*TASK STATEMENT*: Write the records below out in full, character for character, with no pictures.

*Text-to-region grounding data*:
- Opening Delimiter -

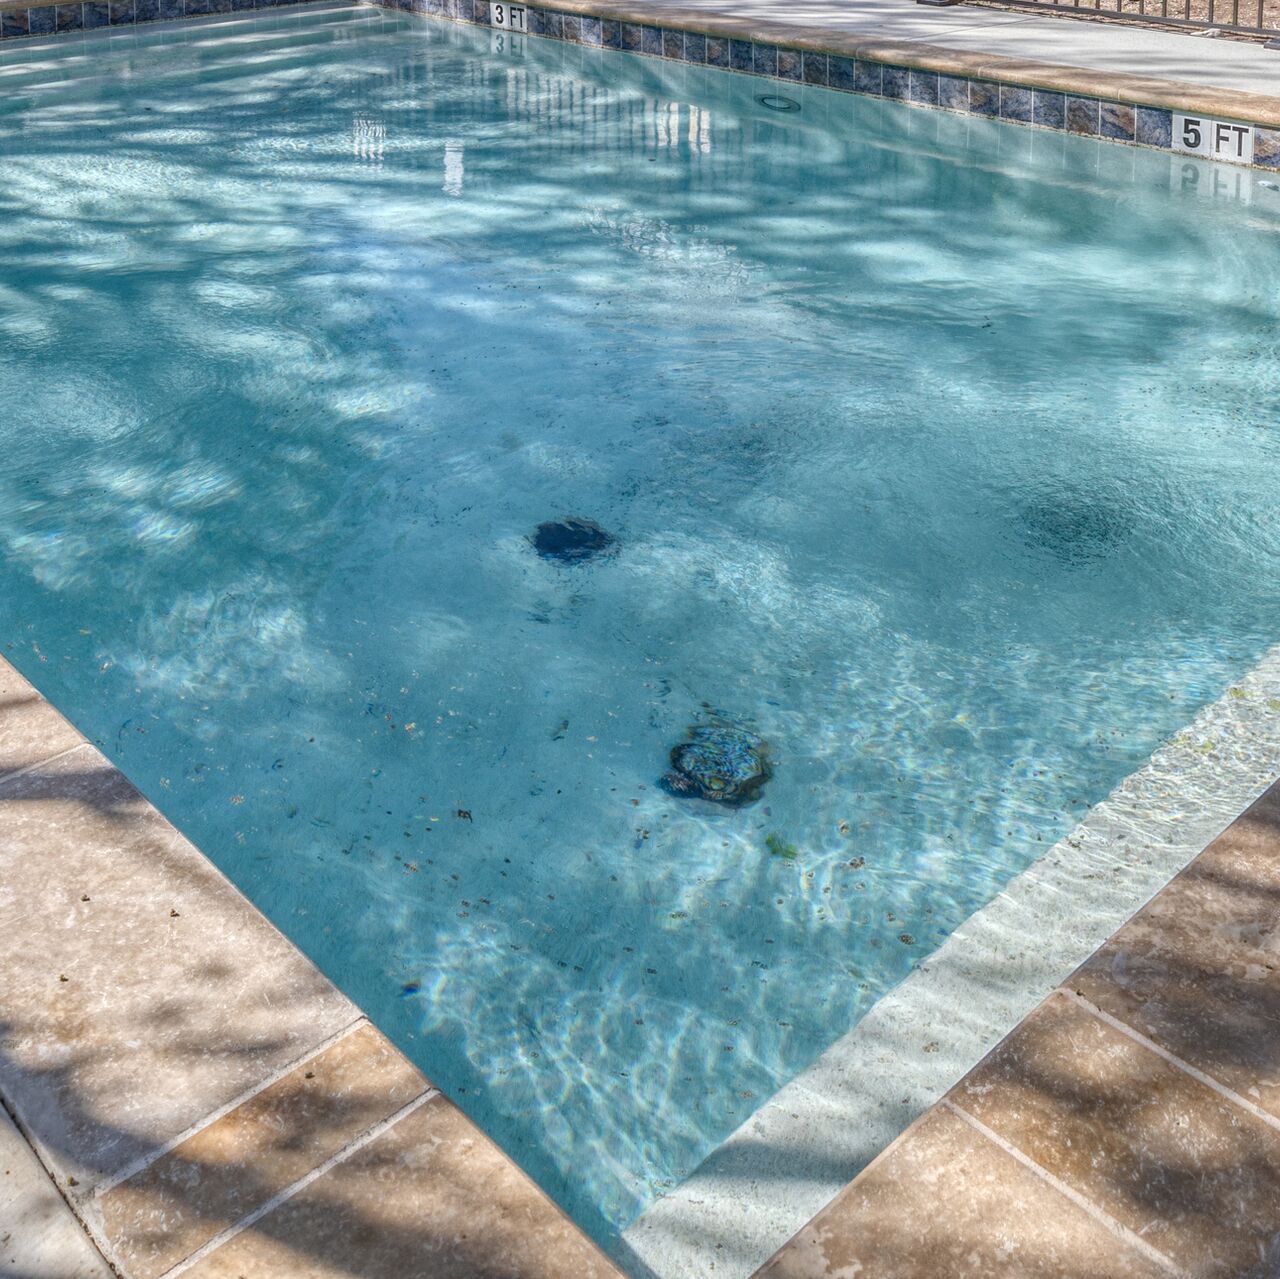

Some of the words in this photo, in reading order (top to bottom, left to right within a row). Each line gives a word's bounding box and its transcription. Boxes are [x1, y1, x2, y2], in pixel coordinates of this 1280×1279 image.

[495, 4, 504, 25] 3
[509, 6, 525, 28] FT
[1182, 118, 1201, 148] 5
[1215, 123, 1249, 157] FT
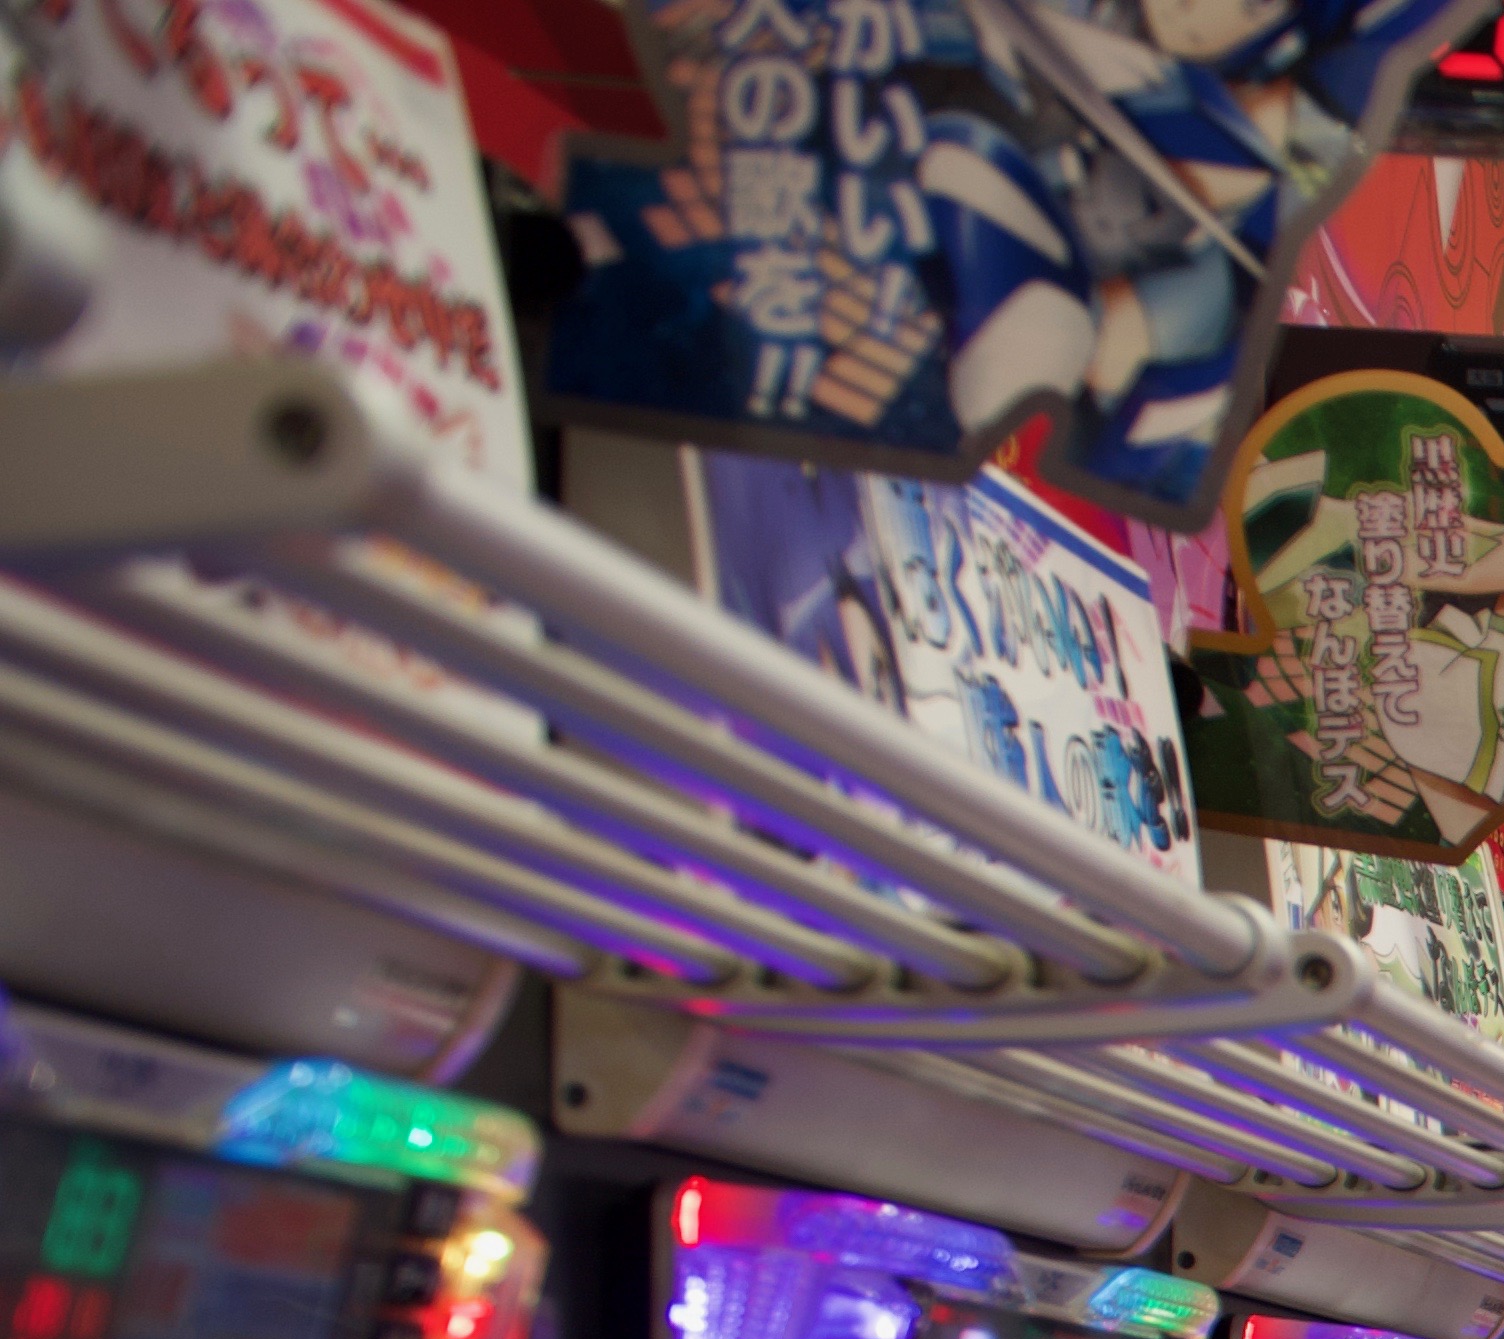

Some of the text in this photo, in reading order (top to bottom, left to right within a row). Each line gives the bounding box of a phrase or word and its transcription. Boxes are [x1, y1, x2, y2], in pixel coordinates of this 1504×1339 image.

[1355, 491, 1421, 726] 塗り替えて

- Closing Delimiter -

*TASK OUTPUT*:
Some of the words in this photo, in reading order (top to bottom, left to right within a row). Each line gives a word's bounding box and its transcription. Boxes are [x1, y1, x2, y2], in pixel coordinates of this 1280×1279 image.

[495, 4, 504, 25] 3
[509, 6, 525, 28] FT
[1182, 118, 1201, 148] 5
[1215, 123, 1249, 157] FT

Some of the text in this photo, in reading order (top to bottom, left to right within a row). Each line gives the bounding box of a phrase or word and its transcription. Boxes are [x1, y1, x2, y2], in pixel coordinates of this 1504×1339 image.

[1355, 491, 1421, 726] 塗り替えて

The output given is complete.